REQUIREMENT: Omit the pictures, and output the rest of the entries exactly as written.

(RECORDS FOR THE EXERCISE Opens)

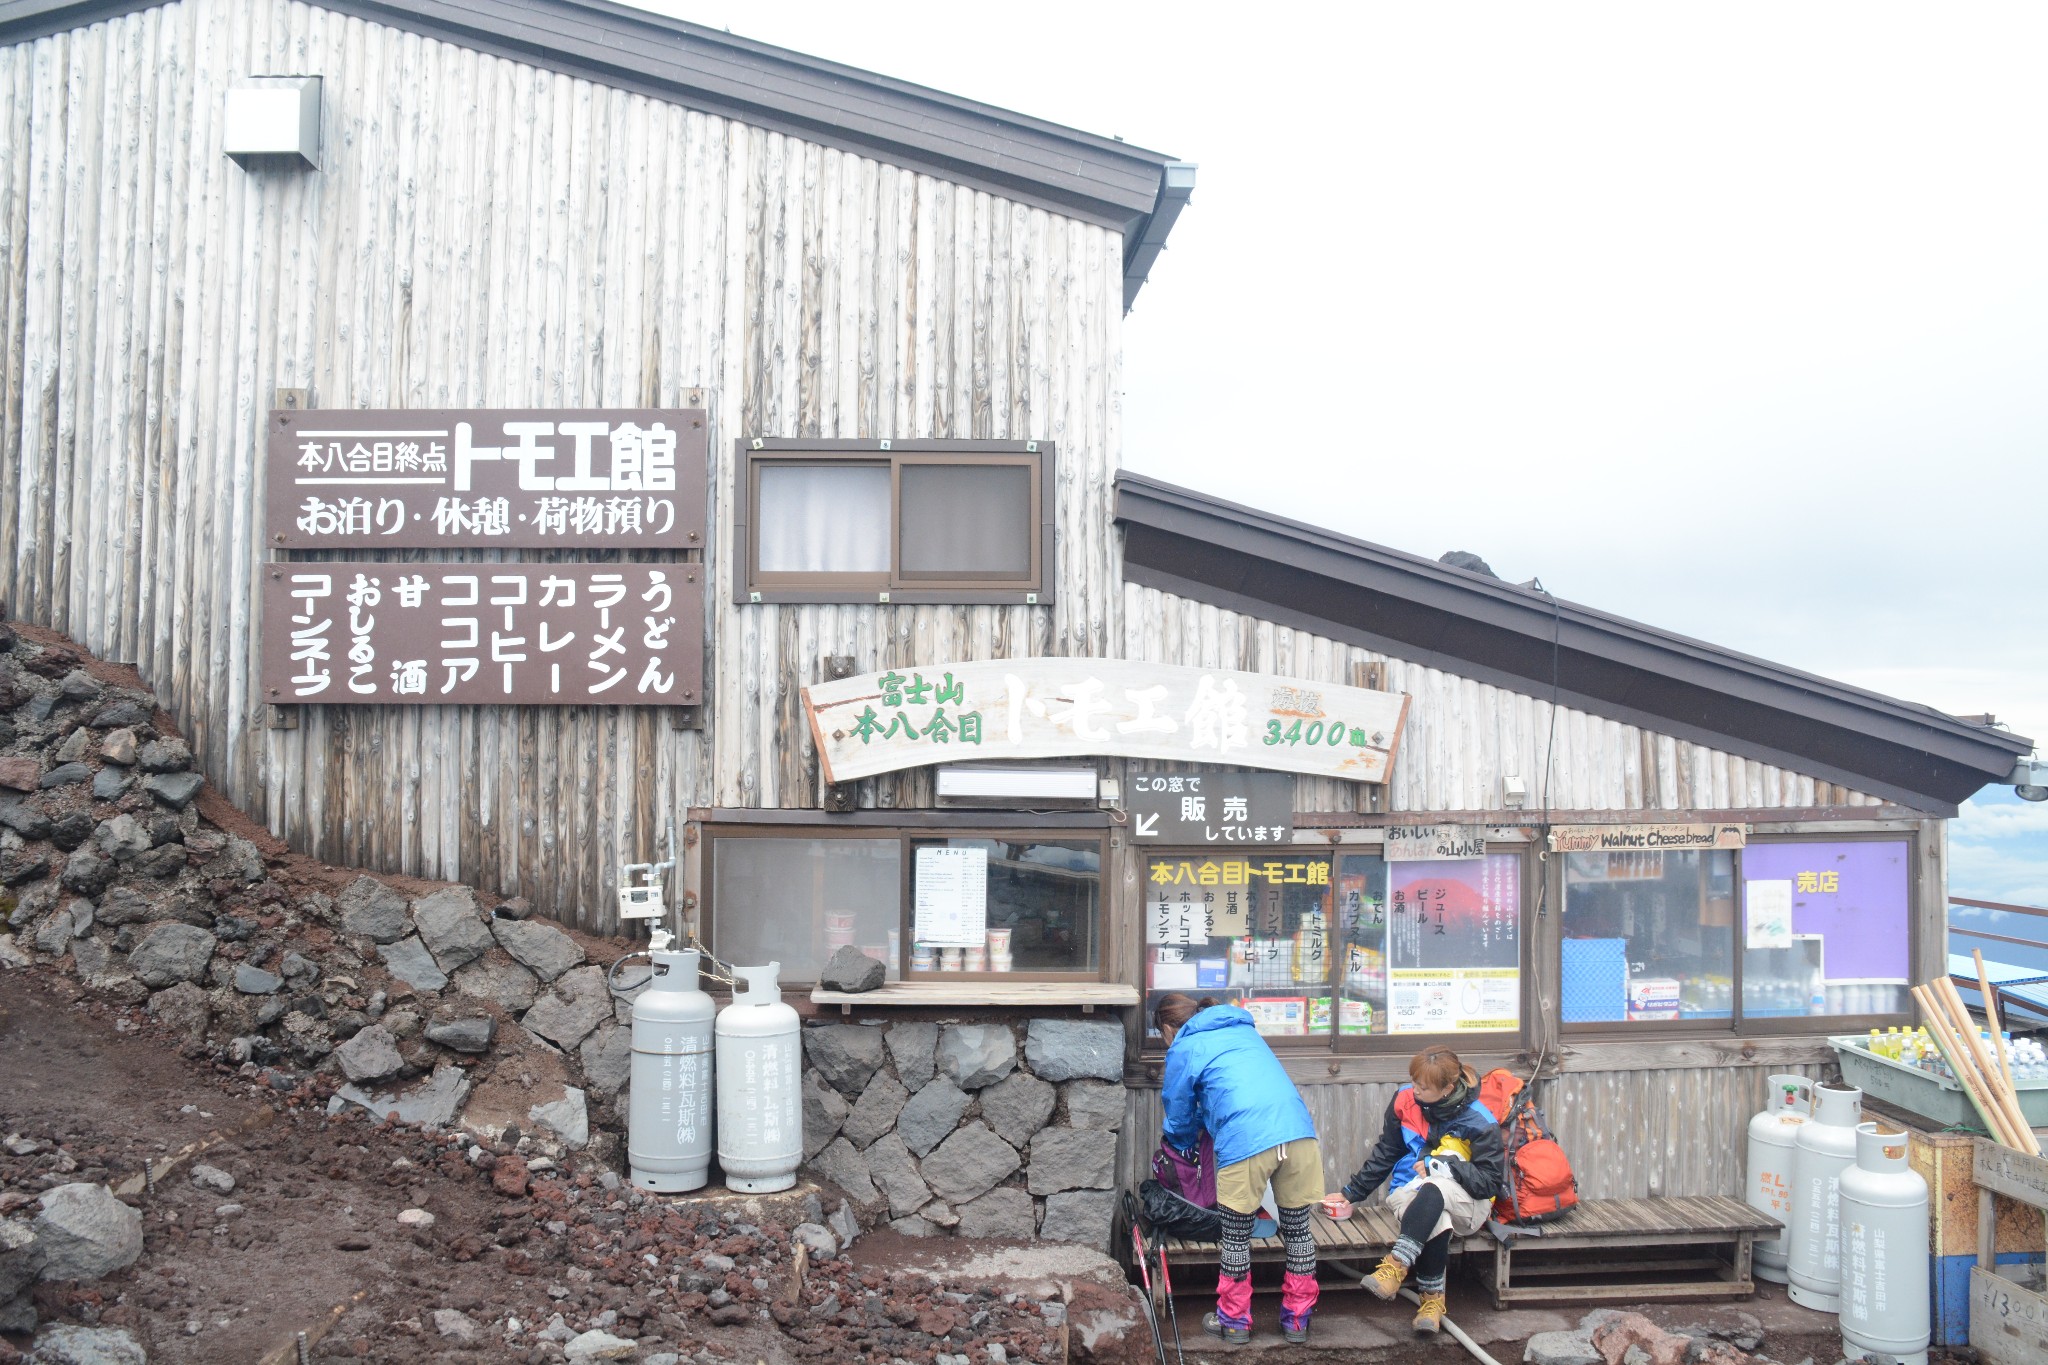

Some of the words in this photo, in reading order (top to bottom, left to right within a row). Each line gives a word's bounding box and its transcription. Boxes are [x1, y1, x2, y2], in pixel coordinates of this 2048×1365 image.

[297, 441, 447, 472] 本八合目終点
[454, 421, 676, 491] トモエ館
[290, 574, 332, 696] コーンスープ
[346, 574, 381, 694] おしるこ
[390, 574, 430, 695] 甘酒
[440, 575, 479, 695] ココア
[490, 575, 527, 694] コーヒー
[539, 574, 576, 693] カレー
[588, 573, 627, 695] ラーメン
[637, 570, 675, 694] うどん
[878, 671, 964, 708] 富士山
[849, 704, 983, 745] 本八合目
[1004, 672, 1248, 755] トモエ館
[1135, 776, 1200, 793] この窓で
[1180, 796, 1248, 821] 販売
[1206, 825, 1285, 841] しています
[1388, 825, 1435, 840] おいしい
[1553, 831, 1599, 851] Yummy
[1601, 831, 1644, 847] Walnut
[1150, 861, 1329, 885] 本八合目トモエ館
[1797, 870, 1839, 893] 売店
[1204, 891, 1214, 937] おしるこ
[1226, 891, 1238, 914] 甘酒
[1372, 890, 1383, 924] おでん
[1393, 890, 1405, 913] お酒
[1417, 889, 1428, 923] ビール
[1434, 888, 1446, 935] ジュース
[1158, 891, 1169, 961] レモンティー
[1180, 891, 1190, 961] ホットココア
[1245, 891, 1256, 972] ホットコーヒー
[1268, 891, 1279, 960] コーンスープ
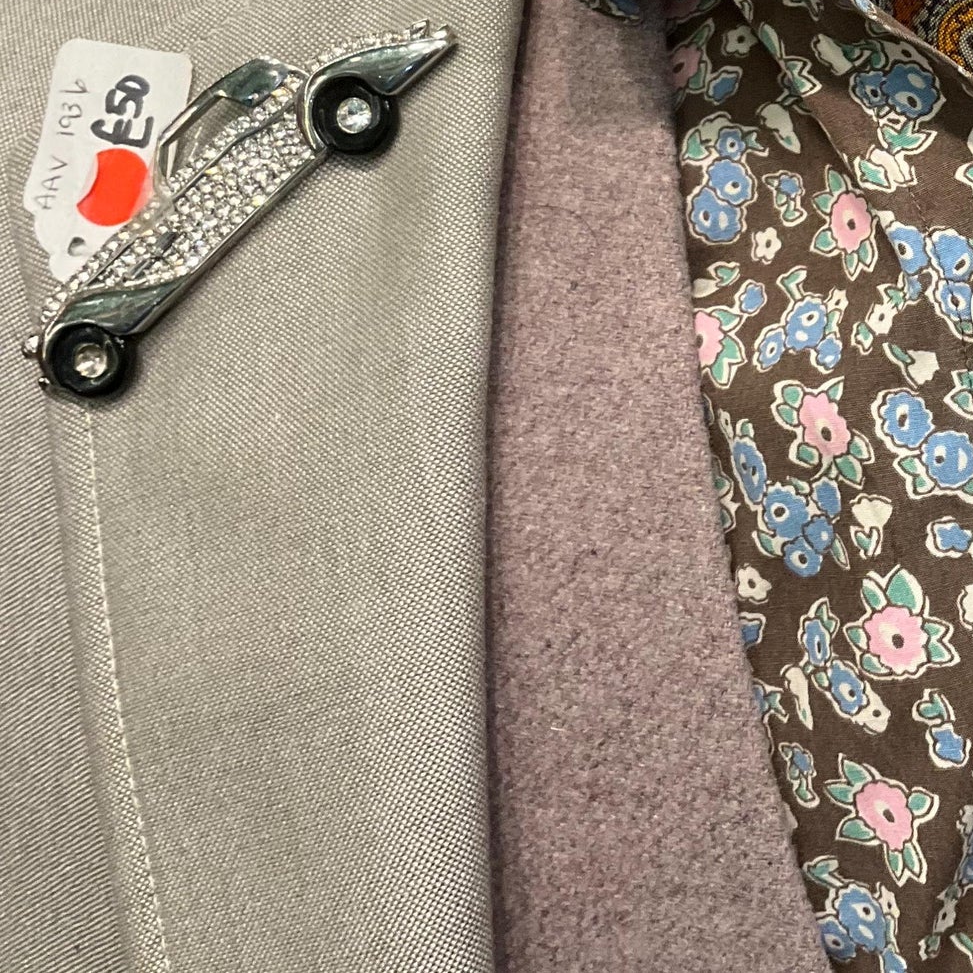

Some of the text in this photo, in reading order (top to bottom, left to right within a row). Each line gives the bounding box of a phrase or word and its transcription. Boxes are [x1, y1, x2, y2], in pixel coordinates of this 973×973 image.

[34, 78, 90, 210] AAV 1936
[90, 74, 154, 149] £50

(RECORDS FOR THE EXERCISE Closes)

EXPECTED ANSWER:
Some of the words in this photo, in reading order (top to bottom, left to right within a row). Each line gives a word's bounding box and its transcription. Boxes are [x1, y1, x2, y2], in pixel coordinates of this 2048×1365 image.

[297, 441, 447, 472] 本八合目終点
[454, 421, 676, 491] トモエ館
[290, 574, 332, 696] コーンスープ
[346, 574, 381, 694] おしるこ
[390, 574, 430, 695] 甘酒
[440, 575, 479, 695] ココア
[490, 575, 527, 694] コーヒー
[539, 574, 576, 693] カレー
[588, 573, 627, 695] ラーメン
[637, 570, 675, 694] うどん
[878, 671, 964, 708] 富士山
[849, 704, 983, 745] 本八合目
[1004, 672, 1248, 755] トモエ館
[1135, 776, 1200, 793] この窓で
[1180, 796, 1248, 821] 販売
[1206, 825, 1285, 841] しています
[1388, 825, 1435, 840] おいしい
[1553, 831, 1599, 851] Yummy
[1601, 831, 1644, 847] Walnut
[1150, 861, 1329, 885] 本八合目トモエ館
[1797, 870, 1839, 893] 売店
[1204, 891, 1214, 937] おしるこ
[1226, 891, 1238, 914] 甘酒
[1372, 890, 1383, 924] おでん
[1393, 890, 1405, 913] お酒
[1417, 889, 1428, 923] ビール
[1434, 888, 1446, 935] ジュース
[1158, 891, 1169, 961] レモンティー
[1180, 891, 1190, 961] ホットココア
[1245, 891, 1256, 972] ホットコーヒー
[1268, 891, 1279, 960] コーンスープ

Some of the text in this photo, in reading order (top to bottom, left to right within a row). Each line gives the bounding box of a phrase or word and its transcription. Boxes are [x1, y1, x2, y2], in pixel coordinates of this 973×973 image.

[34, 78, 90, 210] AAV 1936
[90, 74, 154, 149] £50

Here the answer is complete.